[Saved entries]
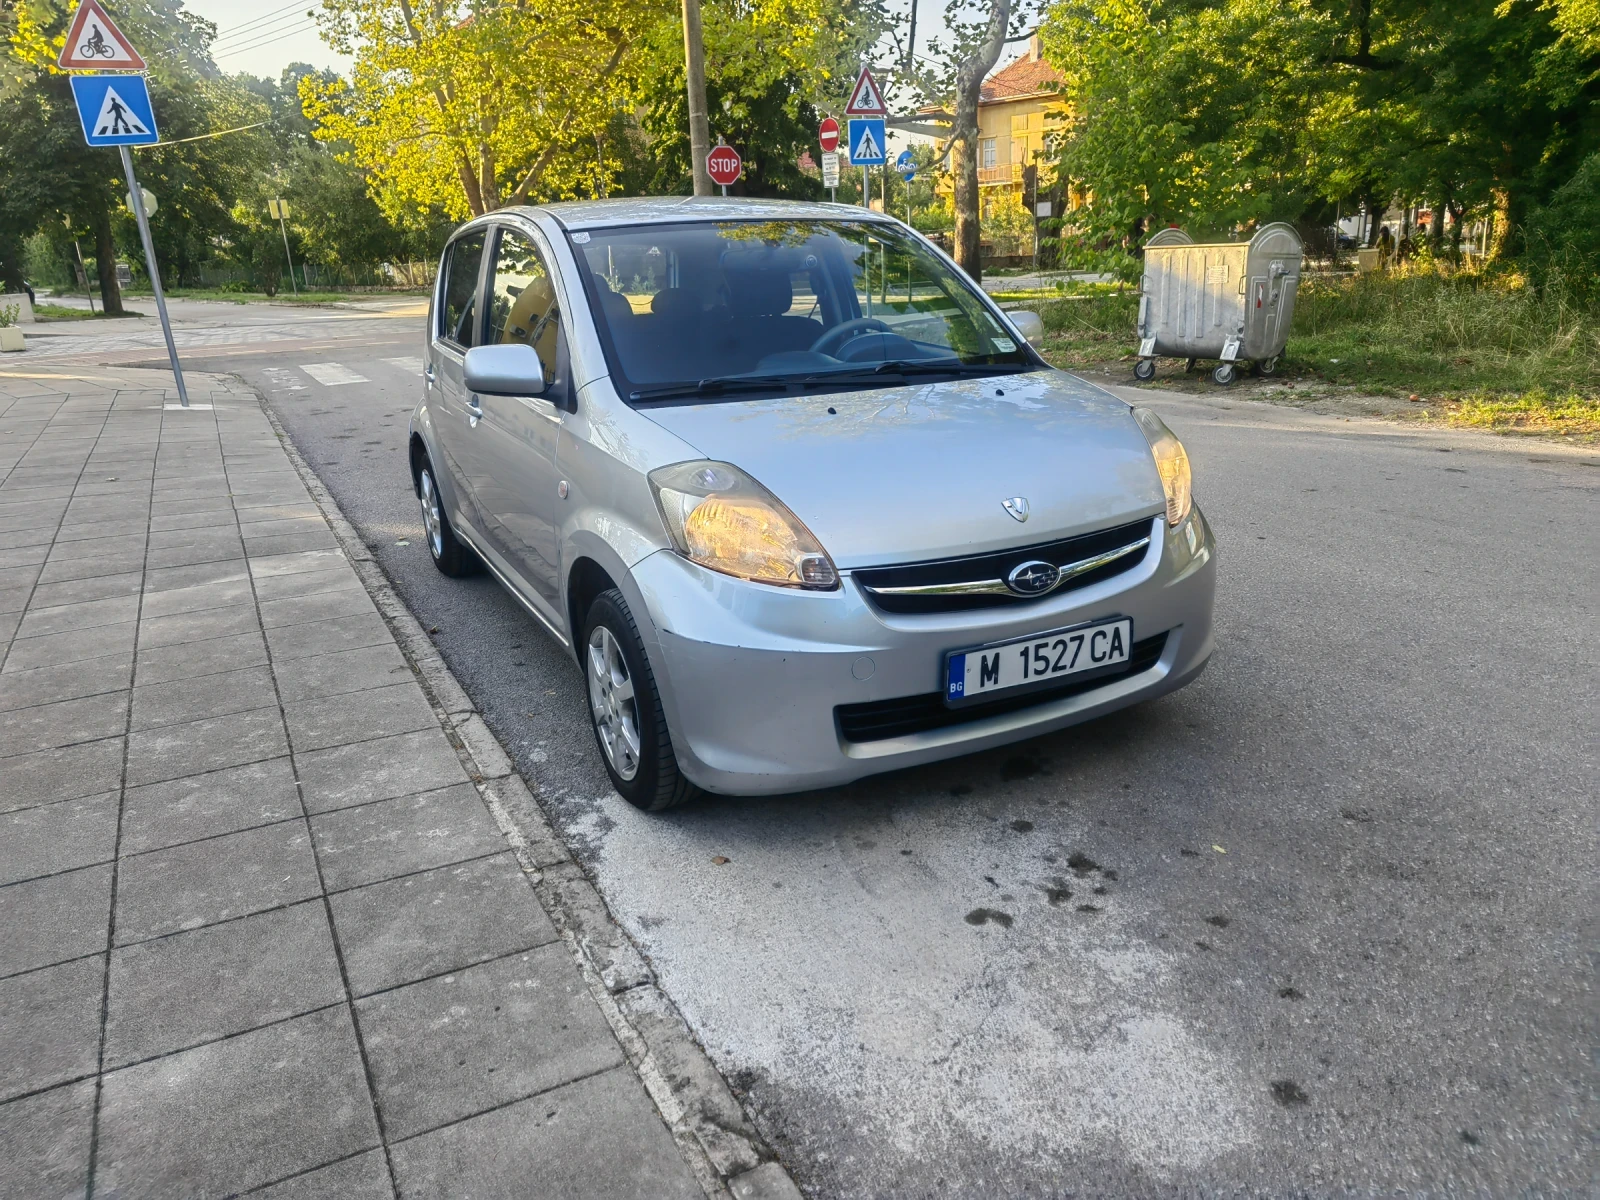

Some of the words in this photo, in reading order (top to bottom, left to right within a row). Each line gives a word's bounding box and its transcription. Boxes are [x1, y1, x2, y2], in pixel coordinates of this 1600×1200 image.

[711, 158, 738, 173] STOP
[979, 652, 1000, 688] M
[1019, 634, 1084, 679] 1527
[1091, 626, 1124, 663] CA
[950, 682, 963, 693] BG
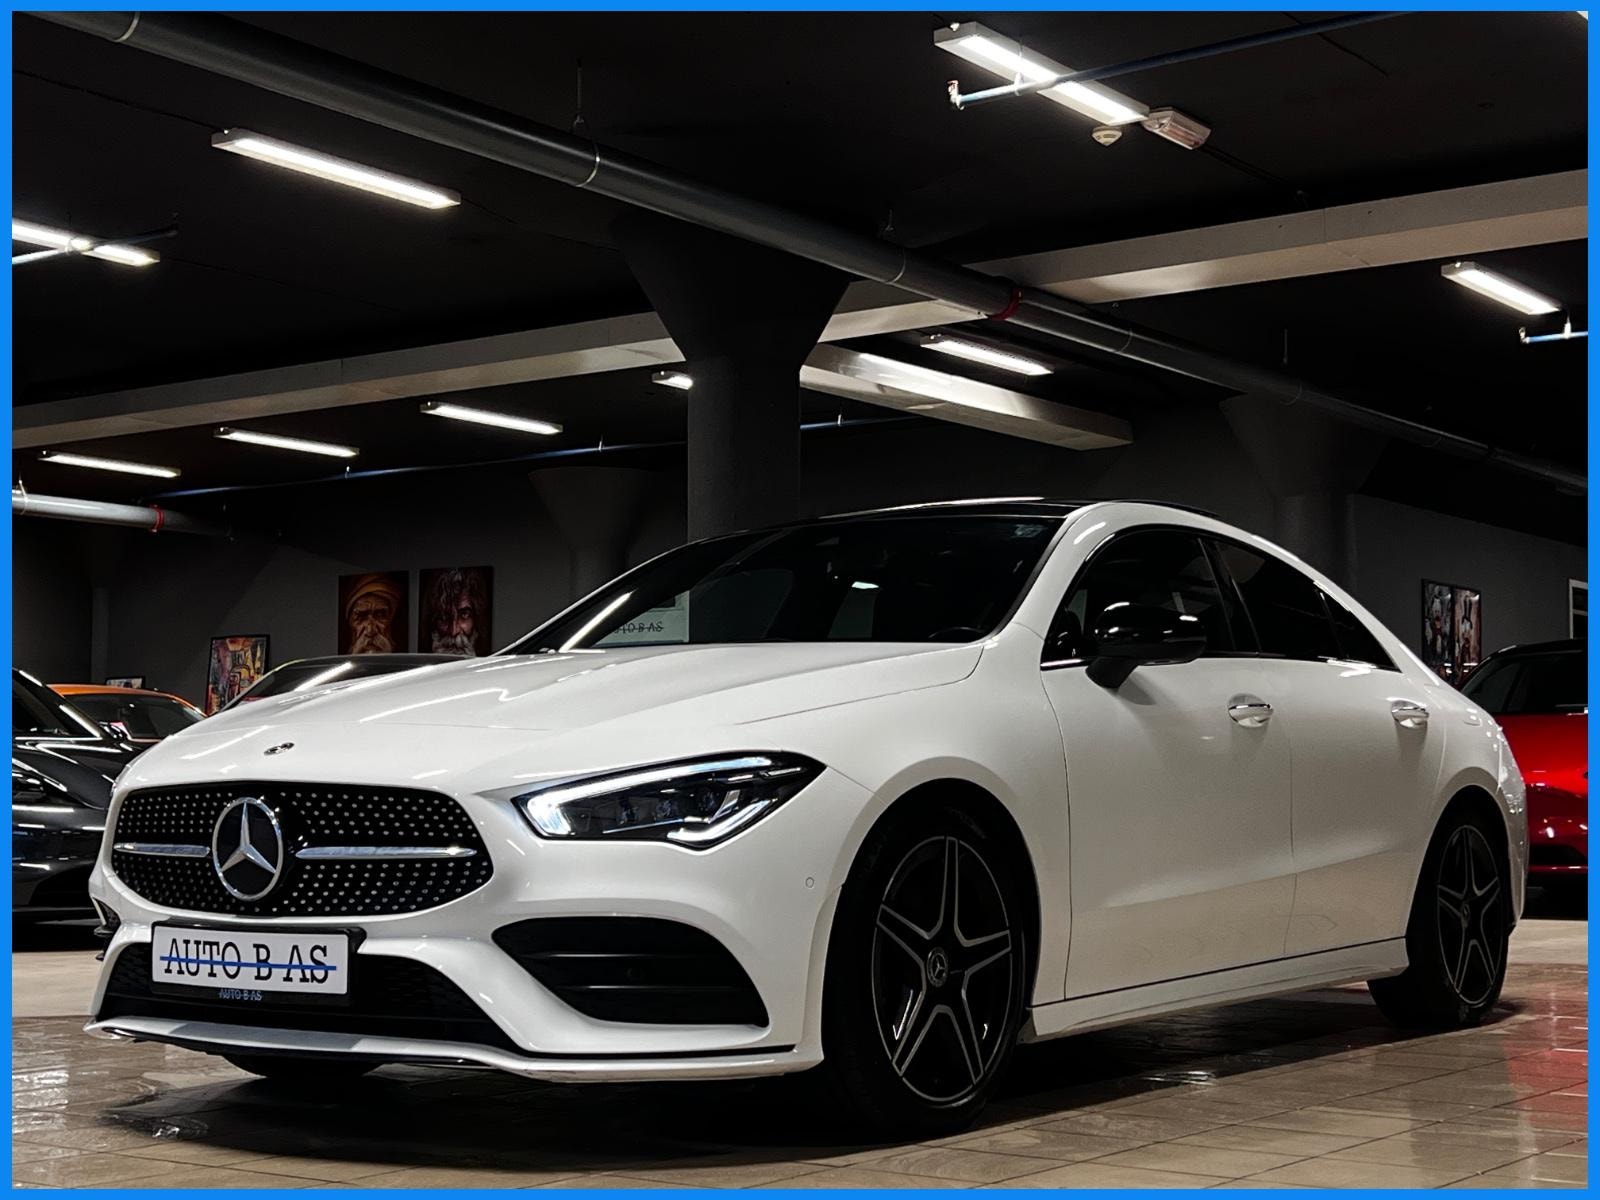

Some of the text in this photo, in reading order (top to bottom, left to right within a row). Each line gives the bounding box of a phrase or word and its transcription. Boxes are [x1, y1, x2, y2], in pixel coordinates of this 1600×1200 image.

[648, 621, 663, 633] AS
[164, 938, 329, 984] AUTO B AS
[219, 988, 262, 1001] AUTO B AS
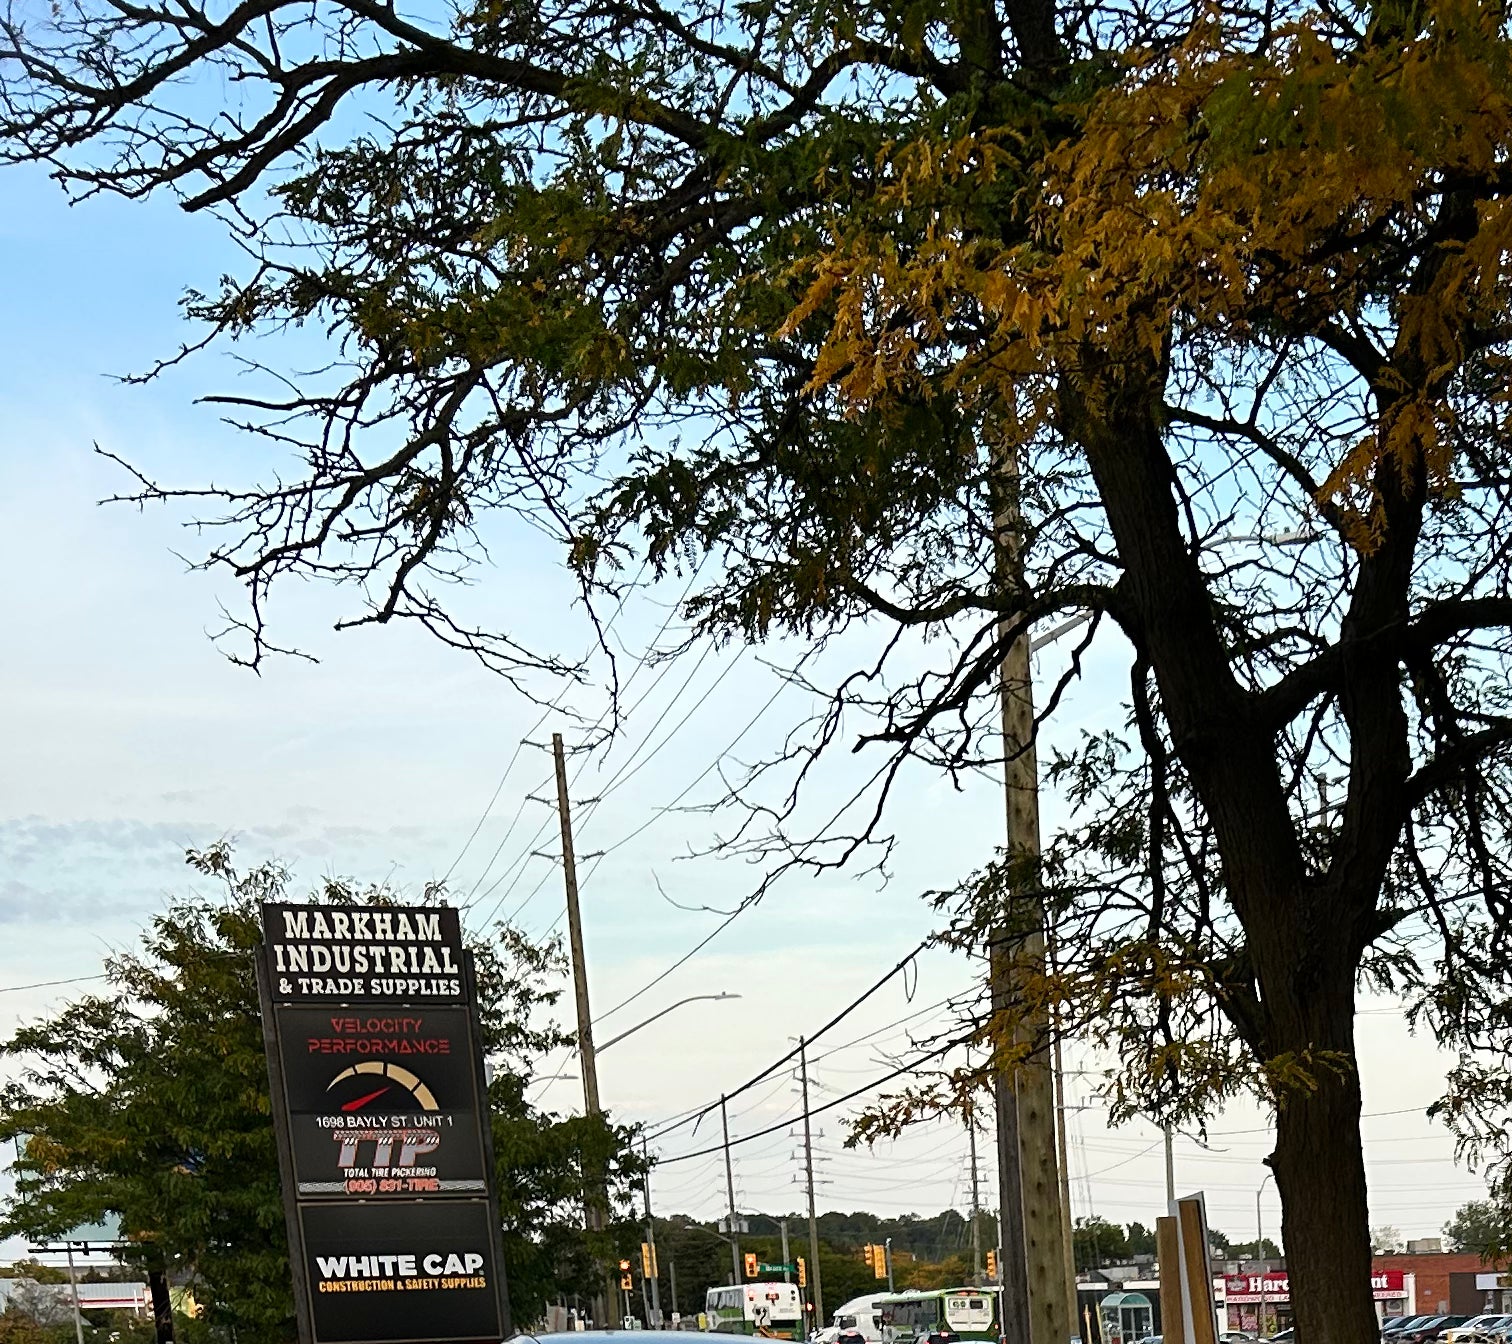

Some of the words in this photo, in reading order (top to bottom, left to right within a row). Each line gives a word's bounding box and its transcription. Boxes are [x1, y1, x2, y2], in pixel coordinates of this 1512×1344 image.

[282, 911, 442, 941] MARKHAM
[274, 944, 459, 974] INDUSTRIAL
[279, 978, 293, 994] &
[298, 978, 365, 995] TRADE
[370, 979, 461, 996] SUPPLIES
[330, 1018, 422, 1033] VELOCITY
[307, 1038, 450, 1054] PERFORMANCE
[316, 1116, 344, 1128] 1698
[347, 1116, 387, 1128] BAYLY
[414, 1116, 443, 1127] UNIT
[447, 1115, 453, 1127] 1
[333, 1128, 440, 1168] TTP
[344, 1167, 369, 1177] TOTAL
[316, 1254, 418, 1279] WHITE
[319, 1279, 395, 1293] CONSTRUCTION
[405, 1278, 439, 1291] SAFETY
[441, 1277, 486, 1290] SUPPLIES
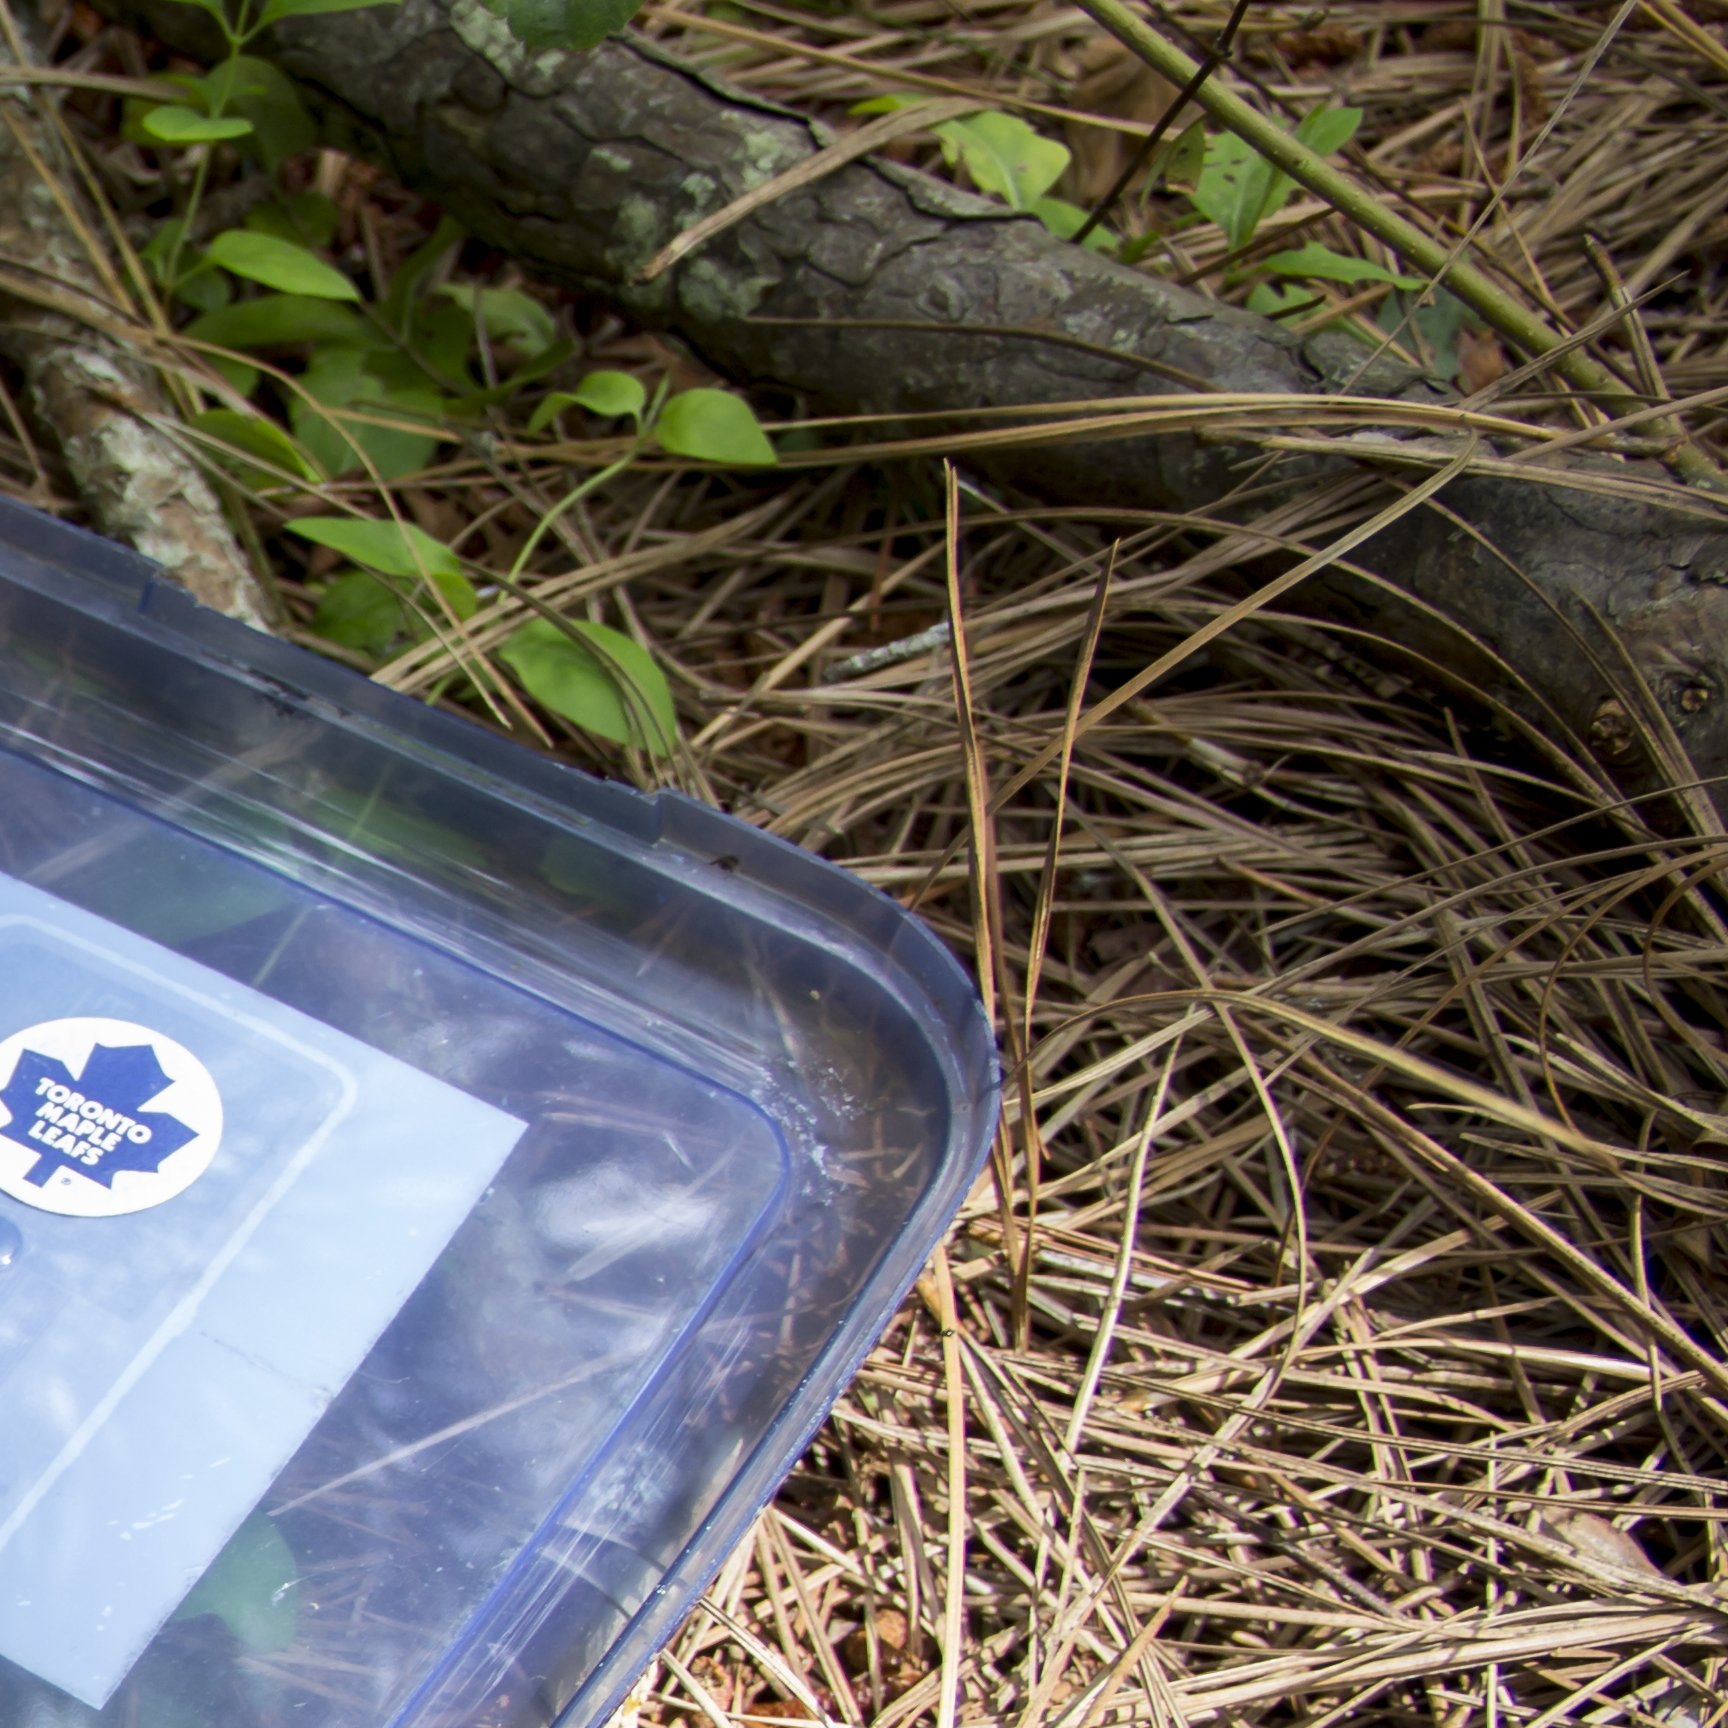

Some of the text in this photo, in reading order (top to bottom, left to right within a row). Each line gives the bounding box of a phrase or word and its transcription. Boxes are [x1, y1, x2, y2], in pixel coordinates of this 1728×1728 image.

TASK ITEM:
Above are the records; give them all again exactly, apart from the pictures.

RESULT FOR THIS TASK:
Some of the words in this photo, in reading order (top to bottom, left to right within a row). Each line gives a word's bounding box and its transcription. Boxes are [x1, y1, x2, y2], in pixel coordinates of this 1600×1200 image.

[711, 158, 738, 173] STOP
[979, 652, 1000, 688] M
[1019, 634, 1084, 679] 1527
[1091, 626, 1124, 663] CA
[950, 682, 963, 693] BG

Some of the text in this photo, in reading order (top to bottom, left to right within a row). Each line gives the bounding box of a phrase or word and its transcription. Boxes are [x1, y1, x2, y2], in pixel coordinates of this 1600×1200 image.

[648, 621, 663, 633] AS
[164, 938, 329, 984] AUTO B AS
[219, 988, 262, 1001] AUTO B AS

Some of the words in this photo, in reading order (top to bottom, left to right within a row). Each line gives a word's bounding box and its transcription. Boxes are [x1, y1, x2, y2], in pixel coordinates of this 1512×1344 image.

[282, 911, 442, 941] MARKHAM
[274, 944, 459, 974] INDUSTRIAL
[279, 978, 293, 994] &
[298, 978, 365, 995] TRADE
[370, 979, 461, 996] SUPPLIES
[330, 1018, 422, 1033] VELOCITY
[307, 1038, 450, 1054] PERFORMANCE
[316, 1116, 344, 1128] 1698
[347, 1116, 387, 1128] BAYLY
[414, 1116, 443, 1127] UNIT
[447, 1115, 453, 1127] 1
[333, 1128, 440, 1168] TTP
[344, 1167, 369, 1177] TOTAL
[316, 1254, 418, 1279] WHITE
[319, 1279, 395, 1293] CONSTRUCTION
[405, 1278, 439, 1291] SAFETY
[441, 1277, 486, 1290] SUPPLIES

Some of the text in this photo, in reading order (top to bottom, left to right within a row). Each line gives the bounding box of a phrase or word and its transcription. Boxes are [x1, y1, x2, y2], in pixel coordinates of this 1728×1728 image.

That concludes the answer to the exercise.